## Goal of the exercise
Would you transcribe each entry that follows word for word, minus the images?

## Records shown
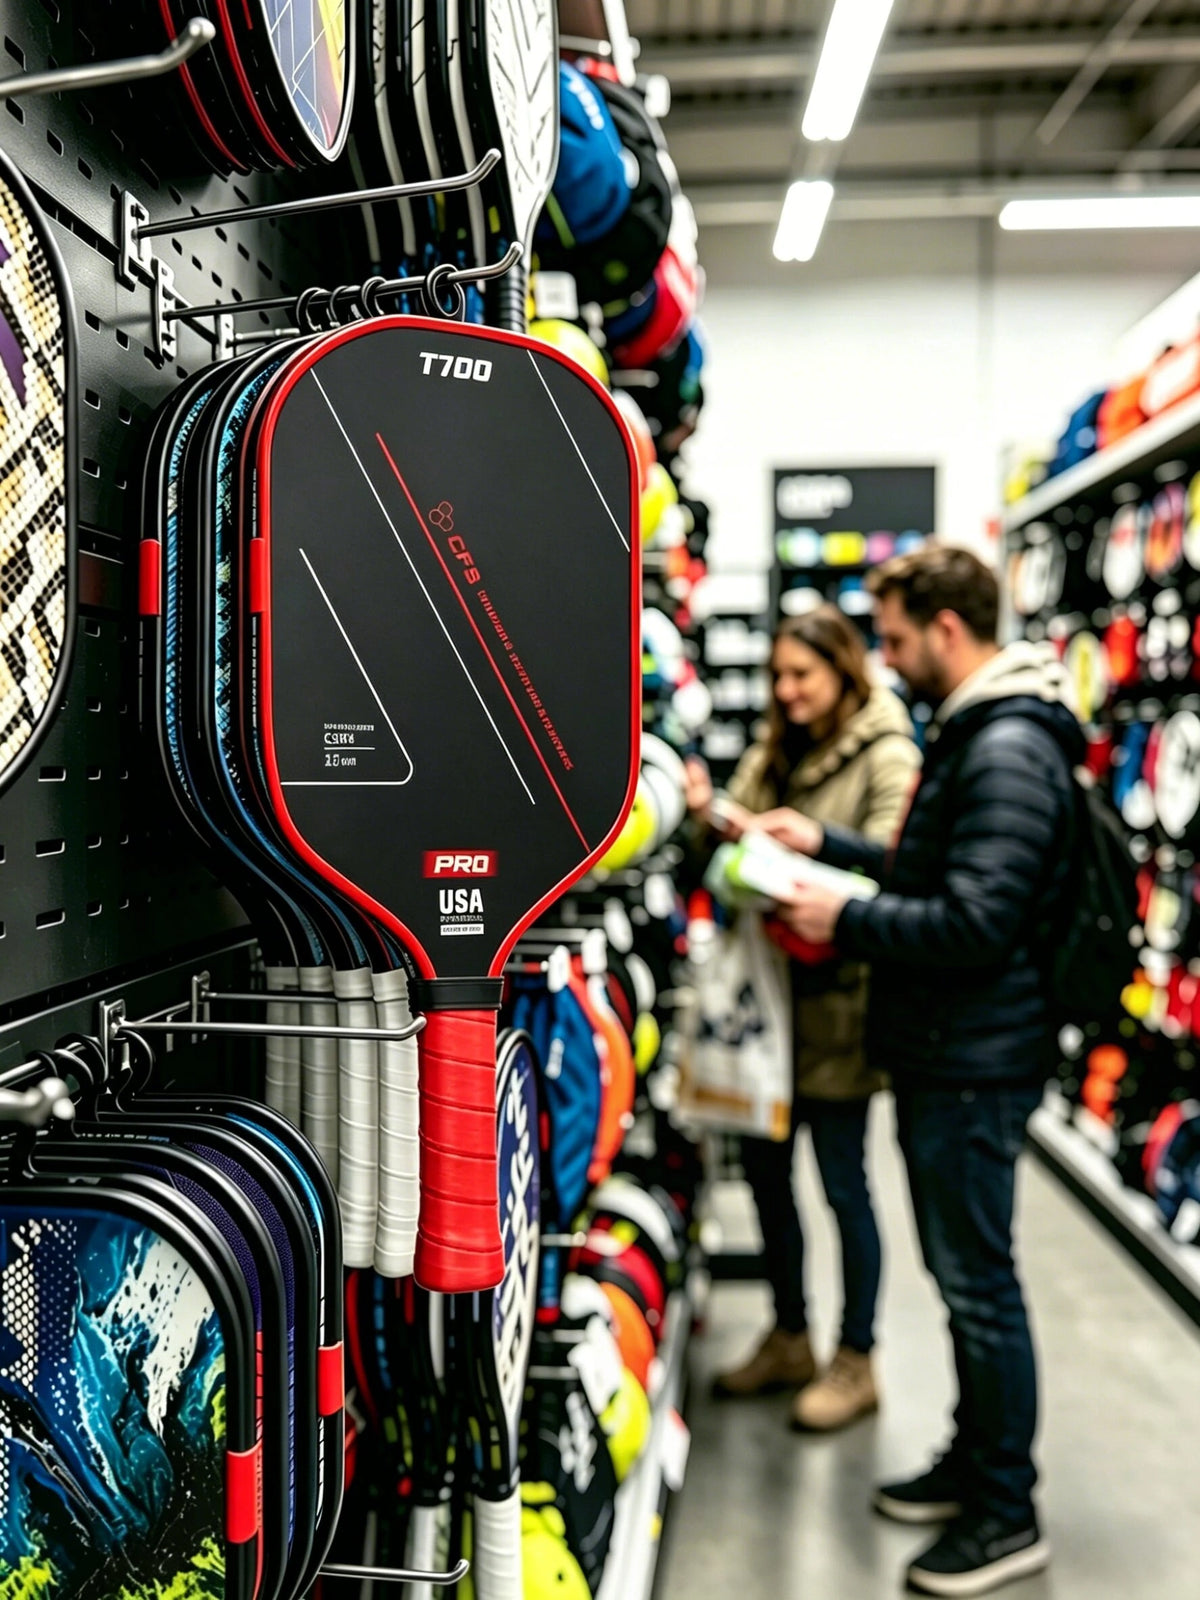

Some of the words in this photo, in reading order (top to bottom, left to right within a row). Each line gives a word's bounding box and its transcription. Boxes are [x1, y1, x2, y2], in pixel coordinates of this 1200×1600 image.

[419, 352, 493, 383] T700
[447, 535, 482, 585] CFS
[433, 855, 490, 874] PRO
[439, 888, 484, 914] USA
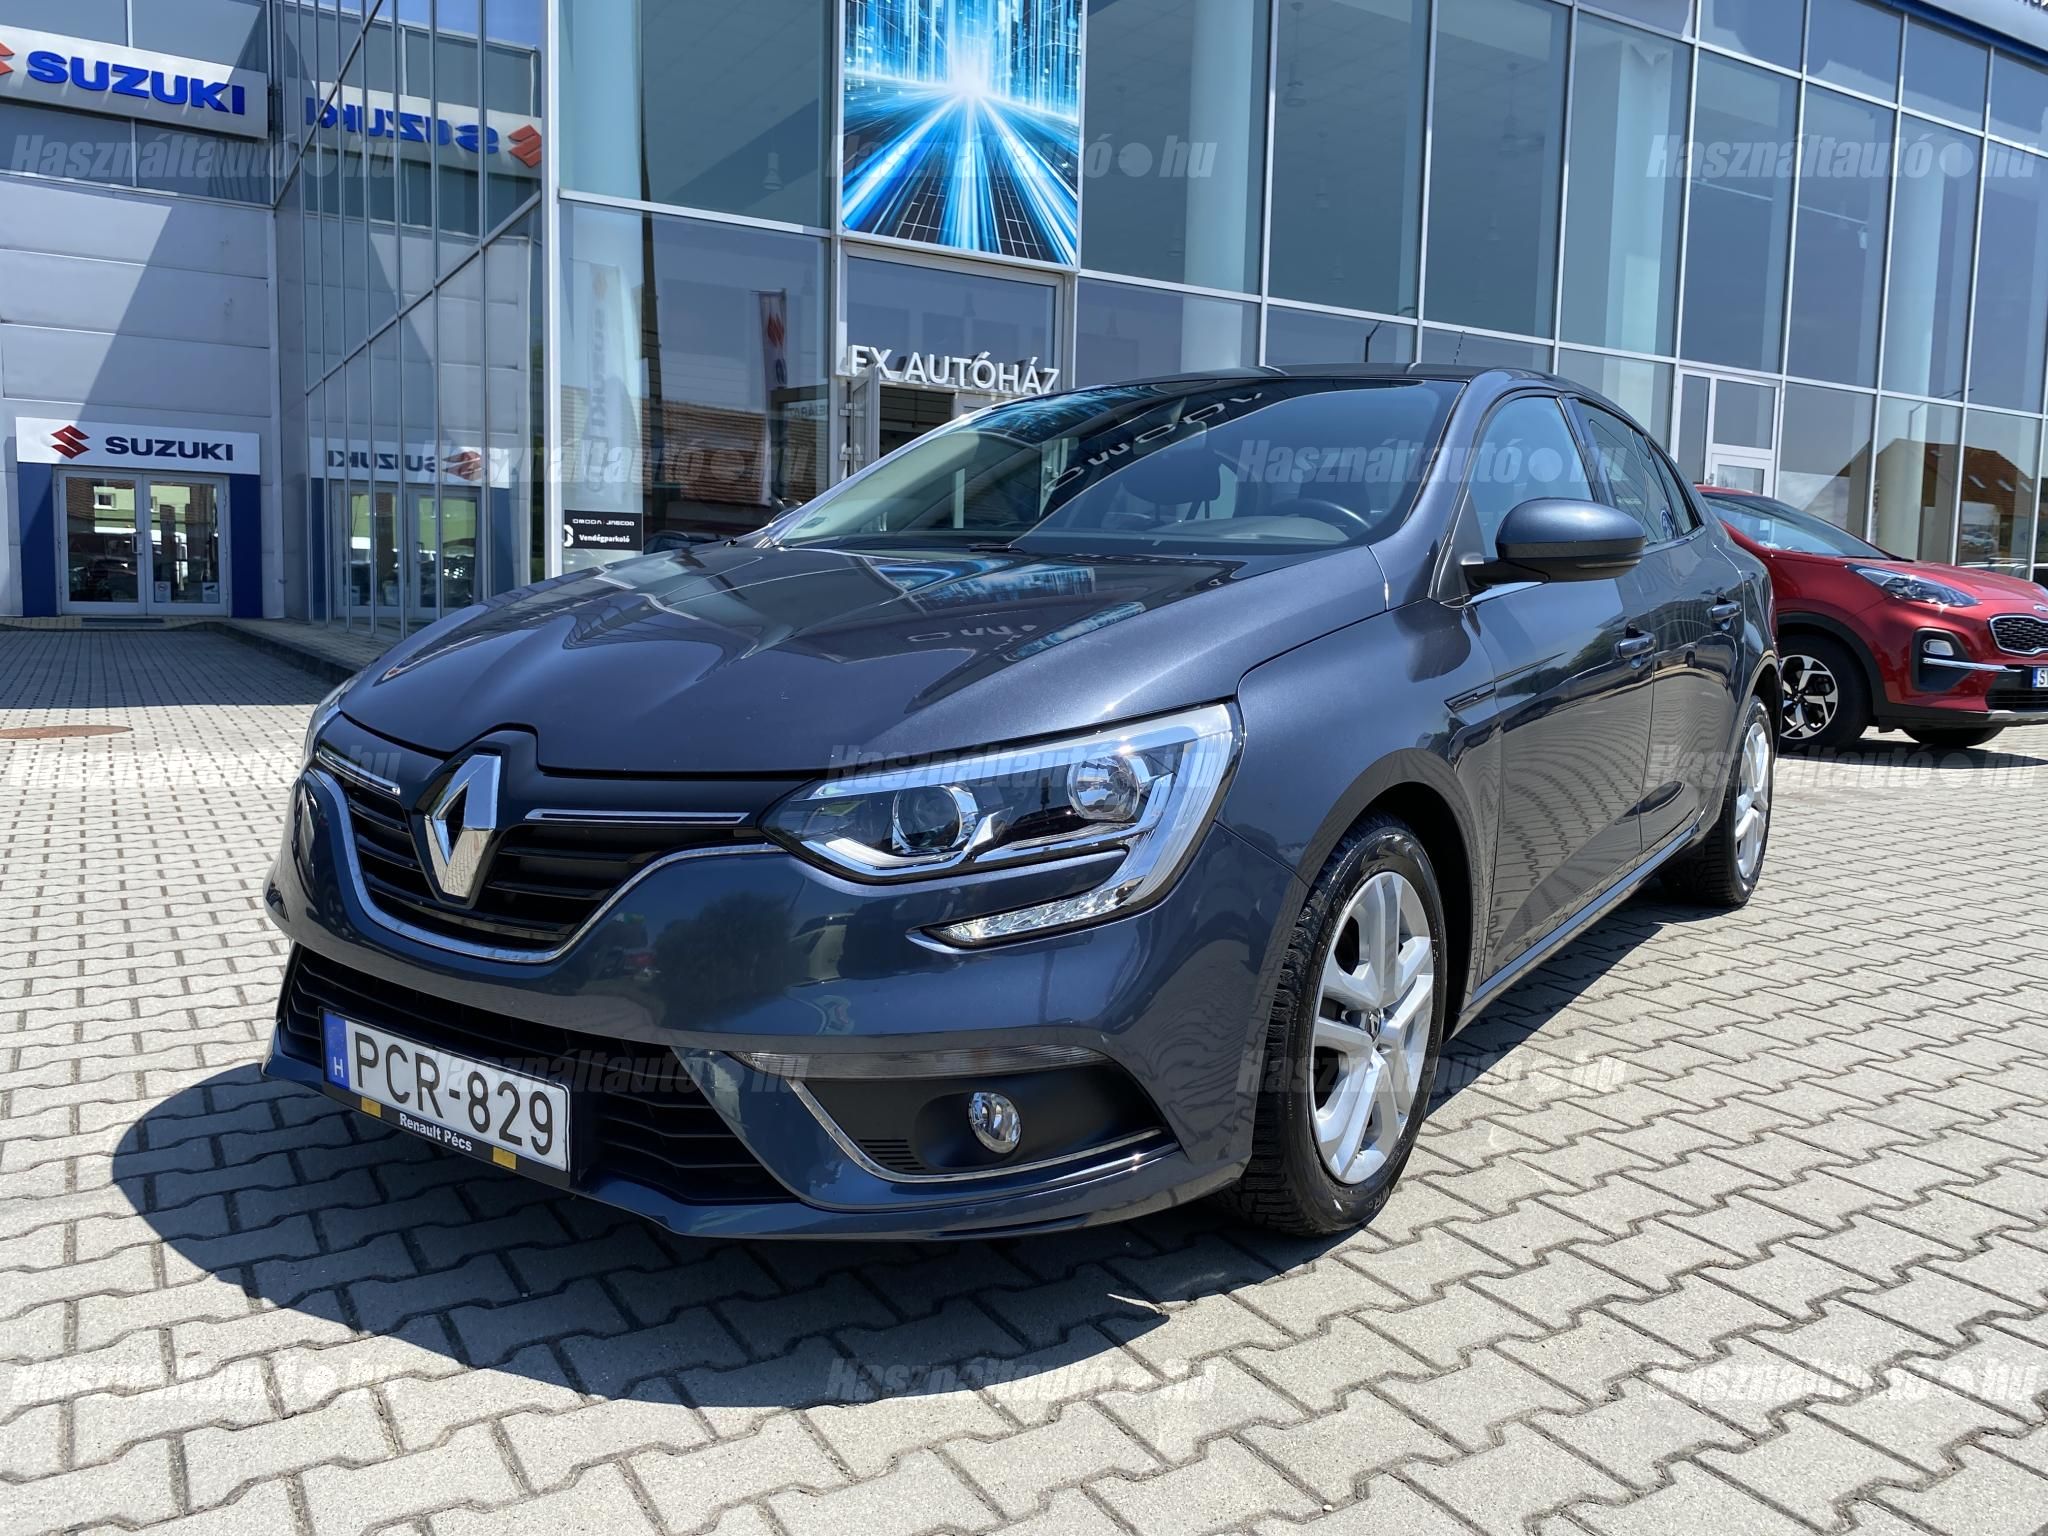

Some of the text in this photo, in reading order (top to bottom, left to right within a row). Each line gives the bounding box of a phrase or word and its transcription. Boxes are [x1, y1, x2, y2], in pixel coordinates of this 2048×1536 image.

[27, 50, 245, 116] SUZUKI
[904, 351, 1060, 394] AUTÓHÁZ
[105, 436, 233, 461] SUZUKI
[579, 533, 630, 543] Vendégparkoló
[332, 1056, 344, 1079] H
[355, 1031, 553, 1156] PCR-829
[400, 1112, 473, 1151] Renault Pécs

## Result below
Some of the words in this photo, in reading order (top to bottom, left to right within a row). Each line gives a word's bounding box and its transcription. Boxes are [x1, y1, x2, y2], in pixel coordinates of this 1200×1600 image.

[419, 352, 493, 383] T700
[447, 535, 482, 585] CFS
[433, 855, 490, 874] PRO
[439, 888, 484, 914] USA

Some of the text in this photo, in reading order (top to bottom, left to right within a row). Each line gives the bounding box of a phrase or word and its transcription. Boxes are [x1, y1, x2, y2], in pixel coordinates of this 2048×1536 image.

[27, 50, 245, 116] SUZUKI
[904, 351, 1060, 394] AUTÓHÁZ
[105, 436, 233, 461] SUZUKI
[579, 533, 630, 543] Vendégparkoló
[332, 1056, 344, 1079] H
[355, 1031, 553, 1156] PCR-829
[400, 1112, 473, 1151] Renault Pécs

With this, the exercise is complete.